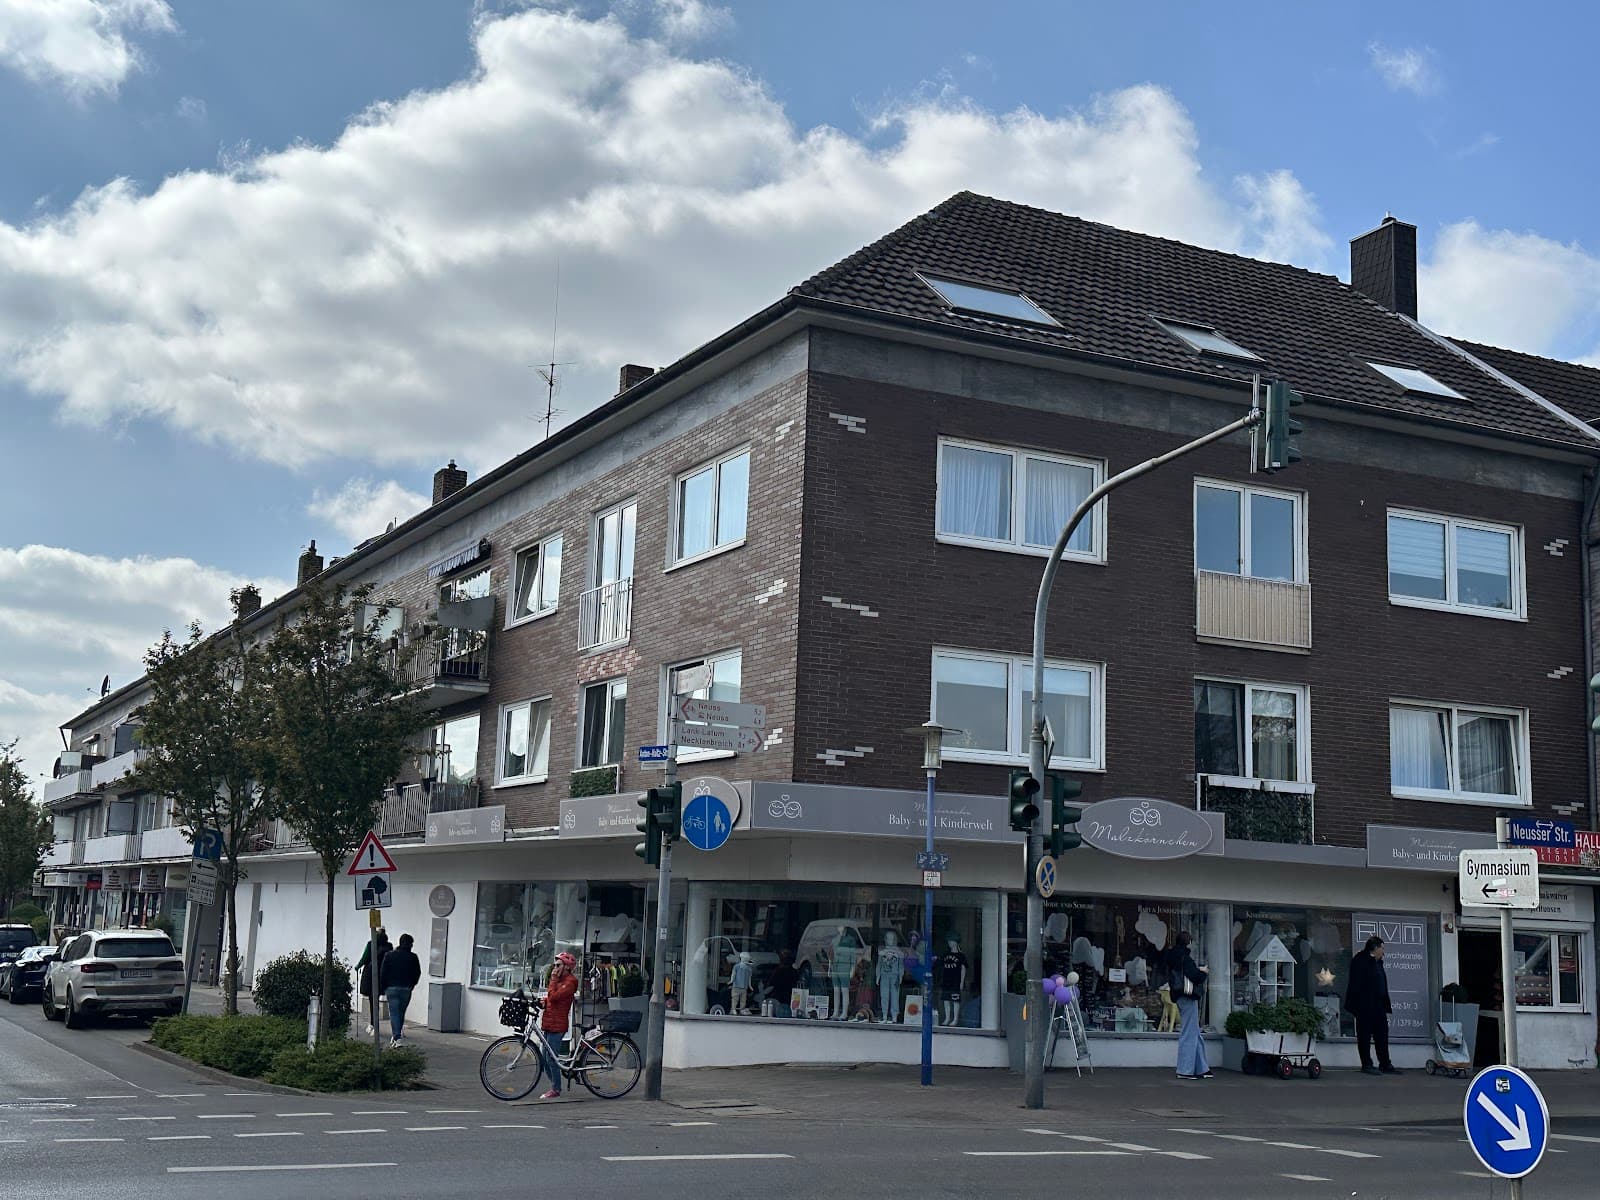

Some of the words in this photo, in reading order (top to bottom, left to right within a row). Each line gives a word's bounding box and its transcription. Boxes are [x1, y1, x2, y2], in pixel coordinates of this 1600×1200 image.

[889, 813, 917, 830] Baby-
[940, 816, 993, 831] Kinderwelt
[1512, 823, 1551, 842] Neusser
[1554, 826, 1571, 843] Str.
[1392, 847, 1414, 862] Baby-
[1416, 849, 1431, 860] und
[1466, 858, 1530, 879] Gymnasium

Work to be completed>
Restate the listing word for word and drop the pictures.

Written solution>
Some of the words in this photo, in reading order (top to bottom, left to right within a row). Each line gives a word's bounding box and its transcription. Boxes are [x1, y1, x2, y2], in pixel coordinates of this 1600×1200 image.

[889, 813, 917, 830] Baby-
[940, 816, 993, 831] Kinderwelt
[1512, 823, 1551, 842] Neusser
[1554, 826, 1571, 843] Str.
[1392, 847, 1414, 862] Baby-
[1416, 849, 1431, 860] und
[1466, 858, 1530, 879] Gymnasium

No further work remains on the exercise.